On the twenty-fourth of March in 1882 in Berlin there was a meeting of the Physiological Society in a plain small room made magnificent by the presence of the most brilliant men of science in Germany. Paul Ehrlich was there and the most eminent Professor Rudolph Virchow—who had but lately sniffed at this crazy Koch and his alleged bacilli of disease—and nearly all of the famous German battlers against disease were there.

A bespectacled wrinkled small man rose and put his face close to his papers and fumbled with them. The papers quivered and his voice shook a little as he started to speak. With an admirable modesty Robert Koch told these men the plain story of the way he had searched out the invisible assassin of one human being out of every seven that died. With no oratorical raisings of his voice he told these disease fighters that the physicians of the world were now able to learn all of the habits of this bacillus of tuberculosis—this smallest but most savage enemy of men.
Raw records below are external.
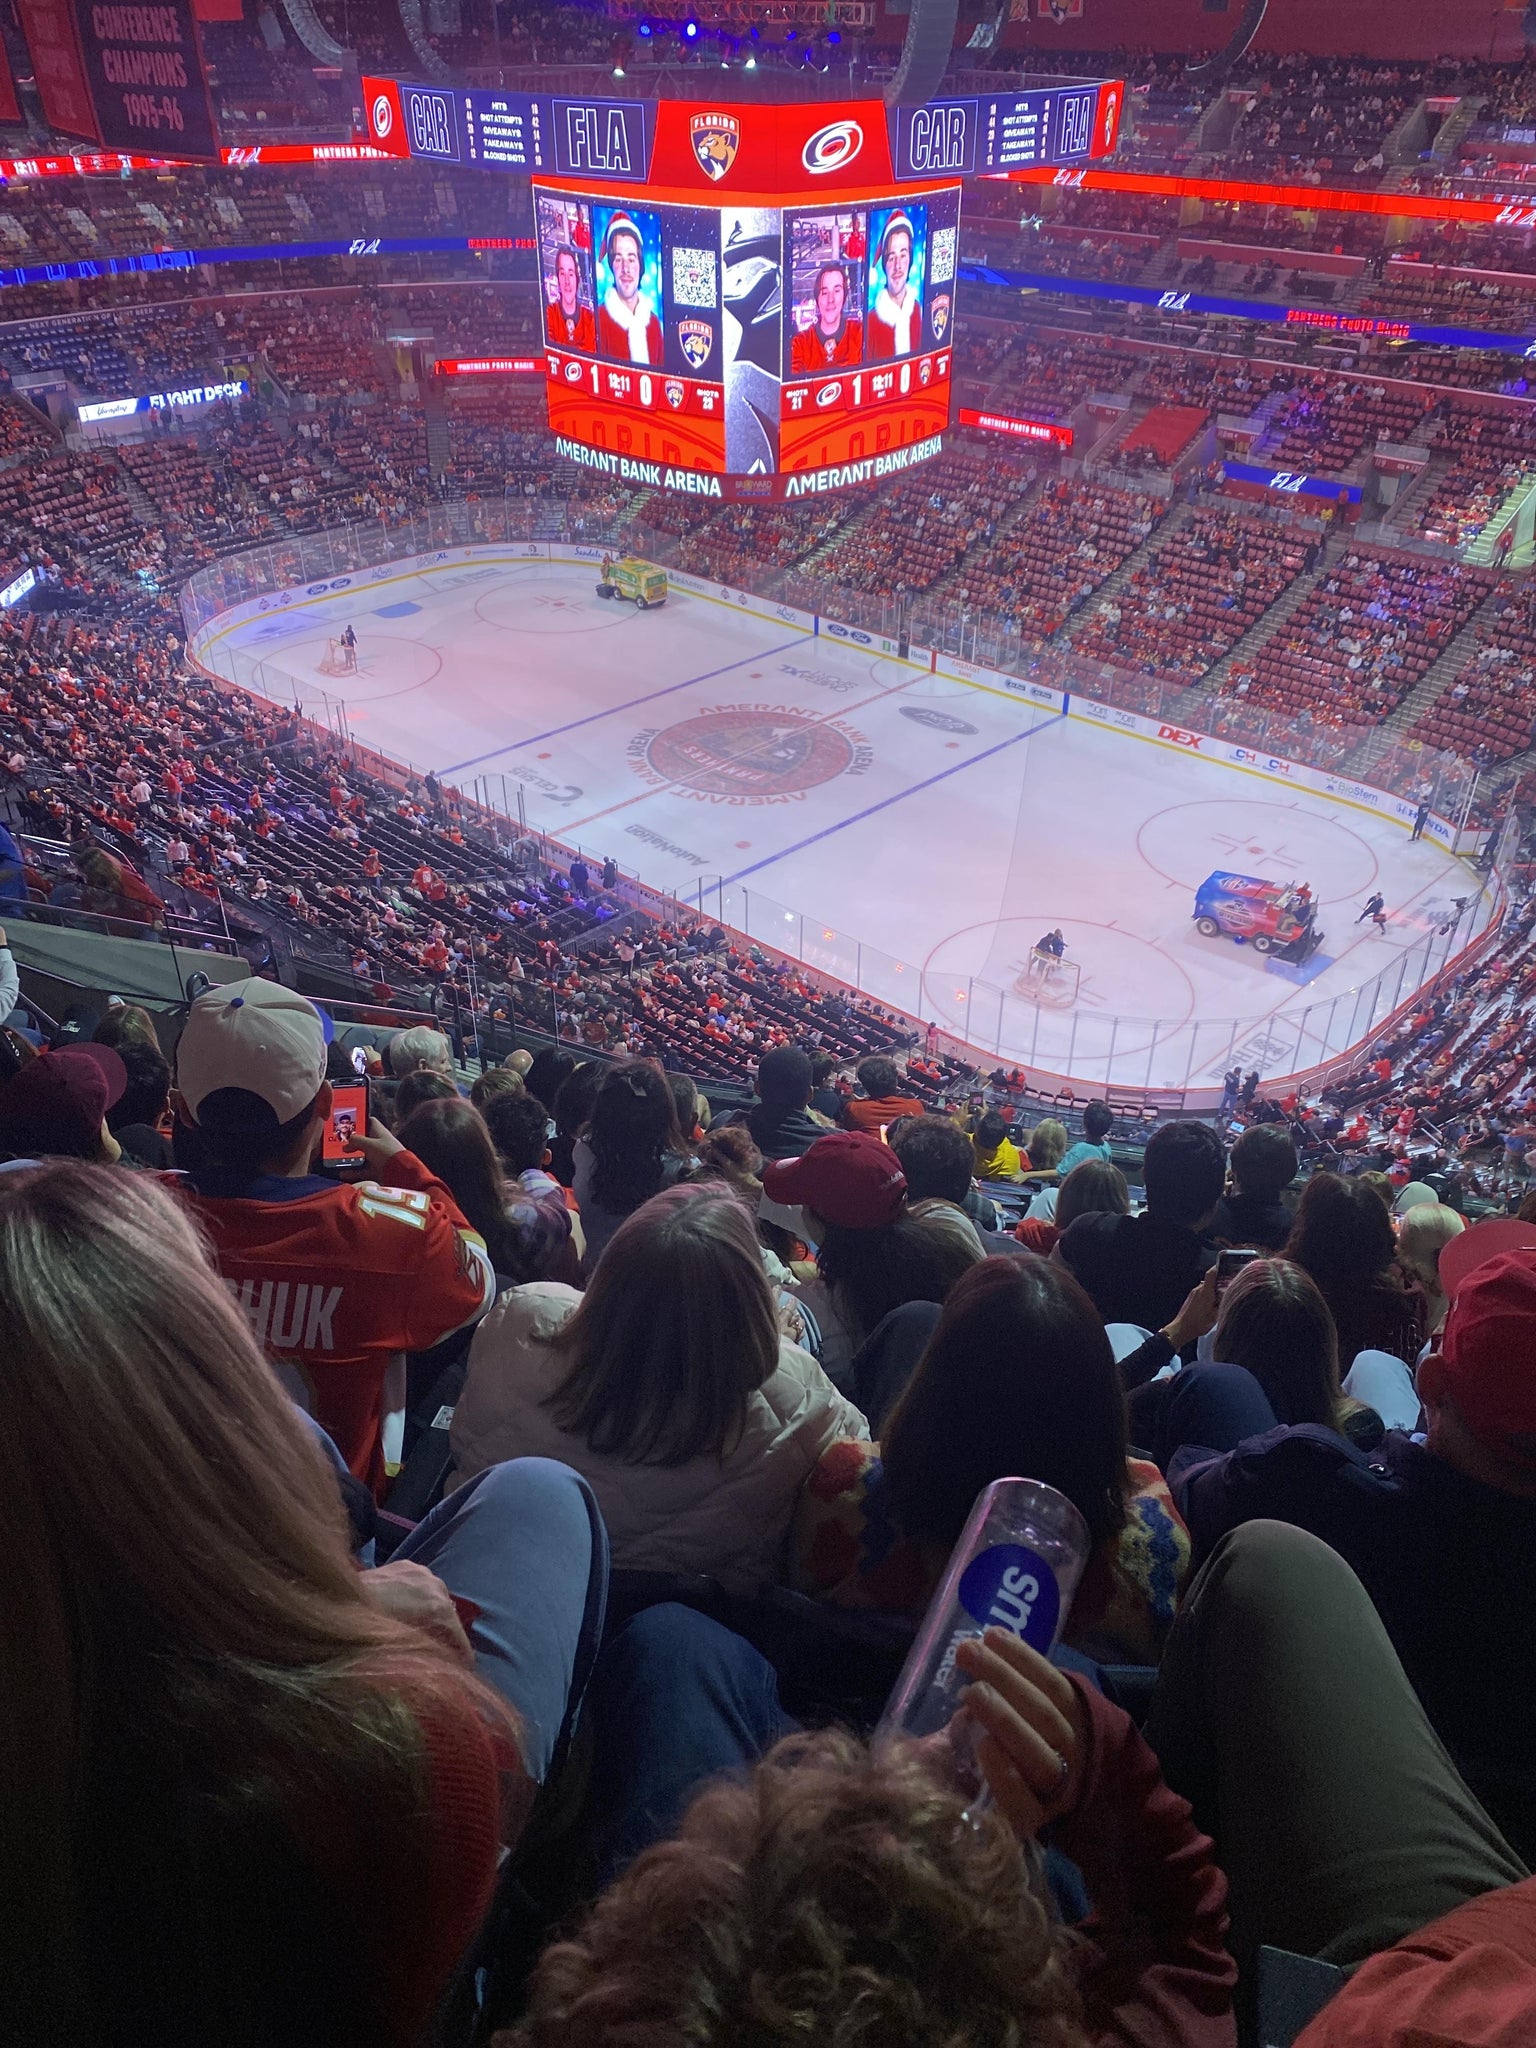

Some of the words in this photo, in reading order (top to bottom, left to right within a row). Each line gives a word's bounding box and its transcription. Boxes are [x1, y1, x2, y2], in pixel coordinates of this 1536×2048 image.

[91, 5, 183, 42] CONFERENCE
[102, 49, 188, 88] CHAMPIONS
[122, 92, 184, 131] 1995-96
[411, 94, 451, 153] CAR
[694, 115, 735, 131] FLORIDA
[566, 107, 631, 171] FLA
[1060, 97, 1091, 154] FLA
[312, 146, 358, 159] PANTHERS
[483, 138, 524, 150] TAKEAWAYS
[910, 108, 966, 171] CAR
[51, 315, 100, 328] GENERATIN
[680, 322, 712, 335] FLORIDA
[1287, 310, 1337, 329] PANTHERS
[1340, 317, 1373, 332] PHOTO
[1376, 321, 1411, 338] MAGIC
[205, 382, 243, 402] DECK
[590, 364, 599, 394] 1
[639, 374, 652, 406] 0
[696, 388, 719, 398] SHOTS
[786, 389, 808, 399] SHOTS
[852, 374, 861, 405] 1
[901, 363, 911, 394] 0
[980, 416, 1009, 429] PANTHERS
[1010, 422, 1030, 433] PHOTO
[1031, 426, 1051, 438] MAGIC
[556, 436, 618, 473] AMERANT
[620, 458, 661, 486] BANK
[664, 469, 722, 498] ARENA
[785, 460, 874, 498] AMERANT
[875, 449, 909, 477] BANK
[909, 435, 943, 466] ARENA
[829, 624, 847, 636] Ford
[852, 632, 871, 643] Ford
[910, 650, 929, 662] Health
[626, 727, 660, 758] ARENA
[831, 719, 870, 743] BANK
[1158, 725, 1204, 750] DEX
[844, 745, 874, 776] ARENA
[1236, 749, 1256, 762] CH
[1269, 759, 1290, 773] CH
[627, 758, 665, 785] BANK
[1407, 808, 1449, 838] HNDA
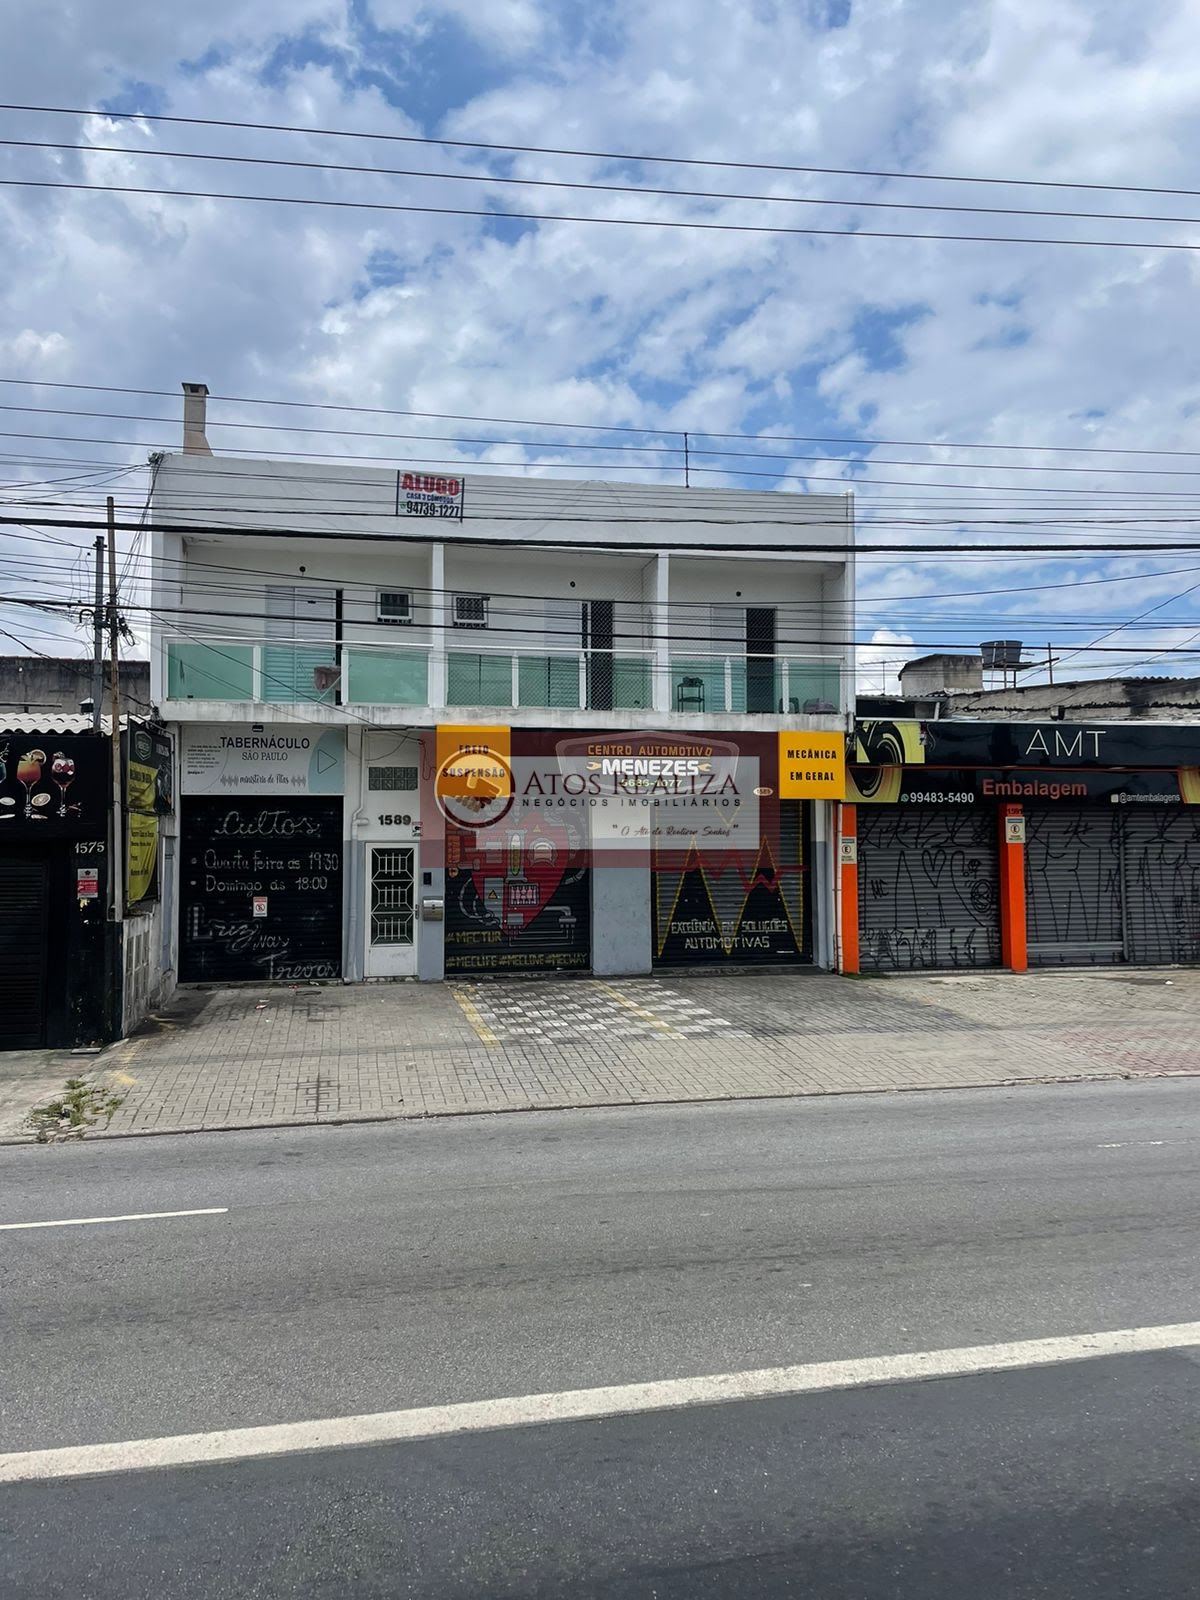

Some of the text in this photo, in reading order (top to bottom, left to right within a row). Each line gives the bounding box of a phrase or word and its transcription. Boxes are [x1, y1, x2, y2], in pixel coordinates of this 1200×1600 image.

[402, 474, 459, 496] ALUGO
[406, 501, 460, 517] 94739-1227
[220, 735, 310, 749] TABERNÁCULO
[1025, 728, 1107, 758] AMT
[241, 751, 288, 761] SÃO PAULO
[458, 744, 489, 755] FREIO
[587, 744, 713, 757] CENTRO AUTOMOTIVO
[787, 749, 837, 760] MECÂNICA
[442, 766, 505, 778] SUSPENSÃO
[602, 758, 700, 777] MENEZES
[790, 772, 835, 781] EM GERAL
[982, 779, 1088, 800] Embalagem
[909, 792, 975, 803] 99483-5490
[1119, 792, 1181, 804] @amtembalagens
[214, 811, 321, 835] Cultos
[378, 815, 411, 825] 1589
[75, 841, 105, 854] 1575
[204, 849, 249, 869] Quarta
[252, 850, 284, 871] feira
[206, 875, 263, 897] Domingo
[295, 876, 328, 890] 18:00
[741, 918, 788, 933] SOLUÇÕES
[684, 935, 770, 949] AUTOMOTIVAS
[446, 955, 497, 968] #MECLIFE
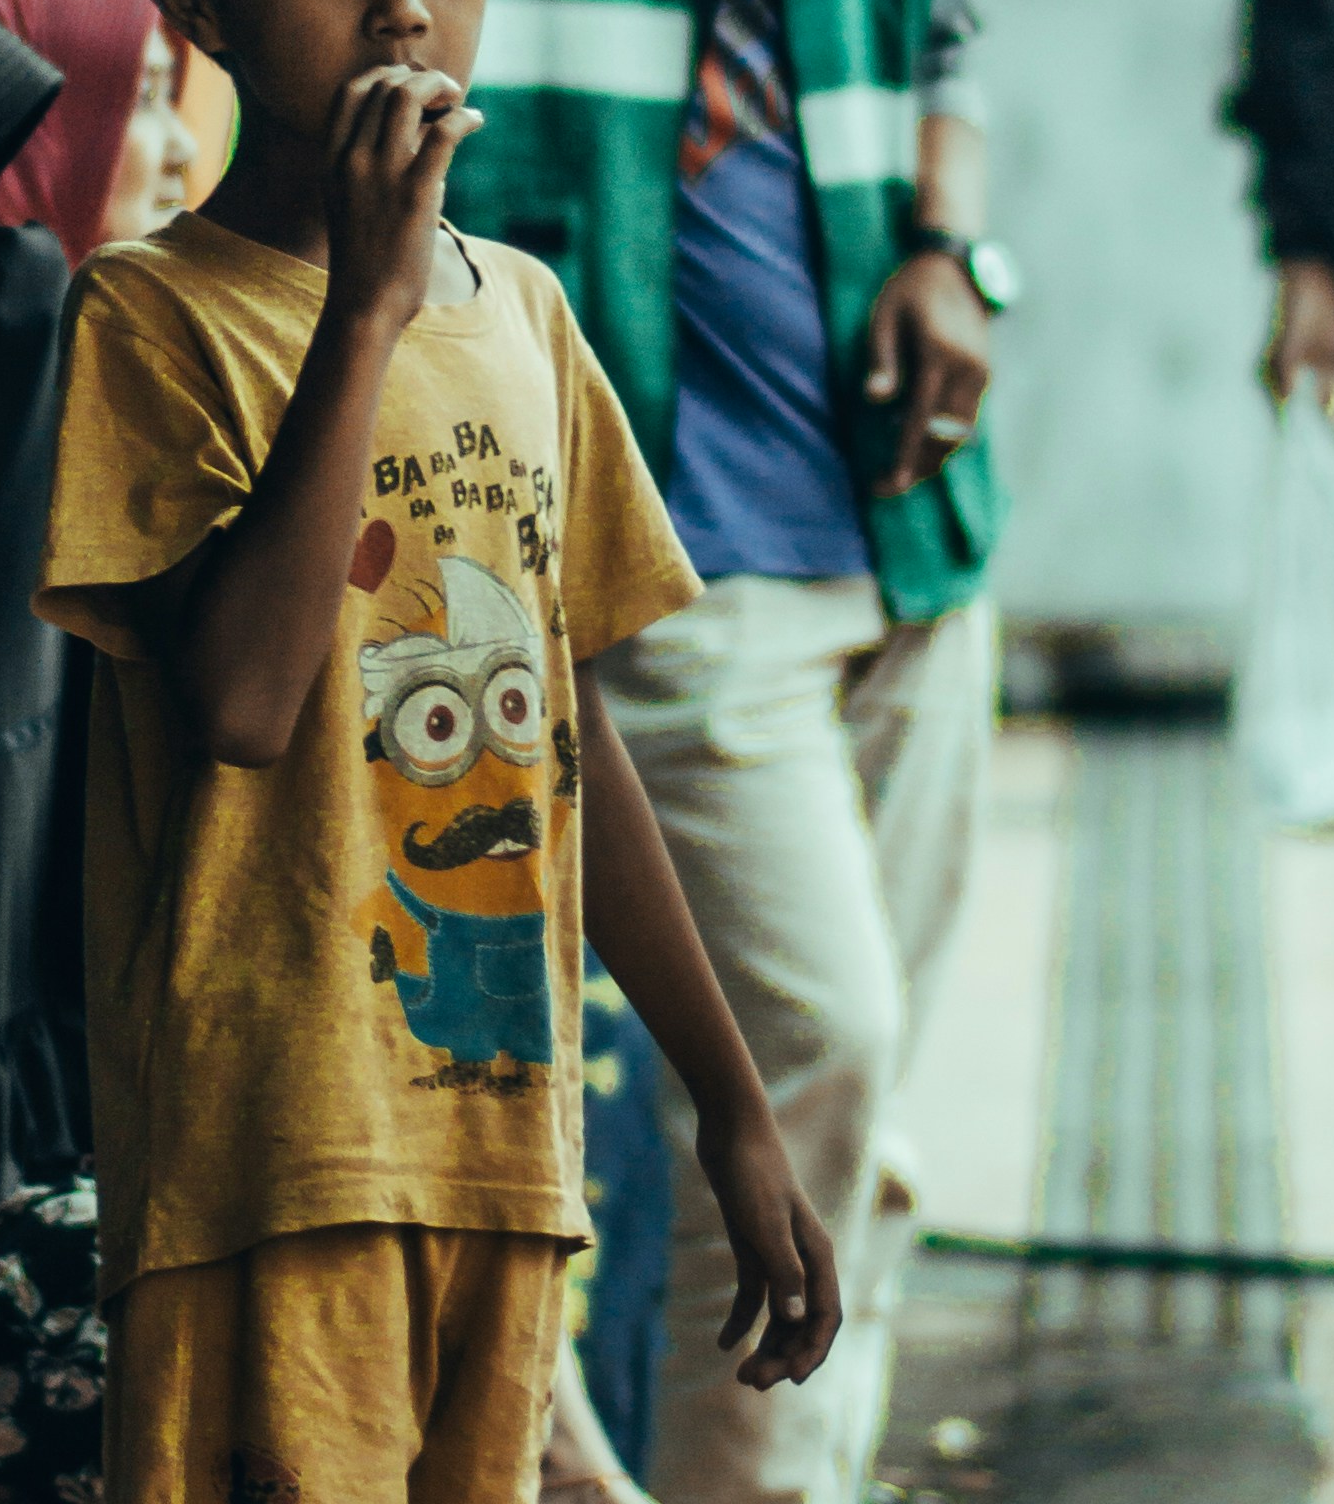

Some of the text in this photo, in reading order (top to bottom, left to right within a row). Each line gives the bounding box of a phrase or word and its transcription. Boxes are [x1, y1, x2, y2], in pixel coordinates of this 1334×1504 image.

Koch recited to them the lurking places of this slim microbe, its strengths and weaknesses, and he showed them how they might begin the fight to crush, to wipe out this sub-visible deadly enemy.

At last Koch sat down, to wait for the discussion, the inevitable arguments and objections that greet the finish of revolutionary papers. But no man rose to his feet, no word was spoken, and finally eyes began to turn toward Virchow, the oracle, the Tsar of German science, the thunderer whose mere frown had ruined great theories of disease.